* Records provided *
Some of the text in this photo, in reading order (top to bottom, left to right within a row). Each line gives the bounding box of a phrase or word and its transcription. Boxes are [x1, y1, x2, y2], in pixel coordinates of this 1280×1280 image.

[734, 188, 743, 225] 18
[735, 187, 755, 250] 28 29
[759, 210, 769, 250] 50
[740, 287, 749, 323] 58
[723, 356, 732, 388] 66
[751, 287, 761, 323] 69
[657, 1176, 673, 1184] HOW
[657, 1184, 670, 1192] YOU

* What you should do *
What is needed is a full, exact copy of the records.

* Response to the task *
Some of the text in this photo, in reading order (top to bottom, left to right within a row). Each line gives the bounding box of a phrase or word and its transcription. Boxes are [x1, y1, x2, y2], in pixel coordinates of this 1280×1280 image.

[734, 188, 743, 225] 18
[735, 187, 755, 250] 28 29
[759, 210, 769, 250] 50
[740, 287, 749, 323] 58
[723, 356, 732, 388] 66
[751, 287, 761, 323] 69
[657, 1176, 673, 1184] HOW
[657, 1184, 670, 1192] YOU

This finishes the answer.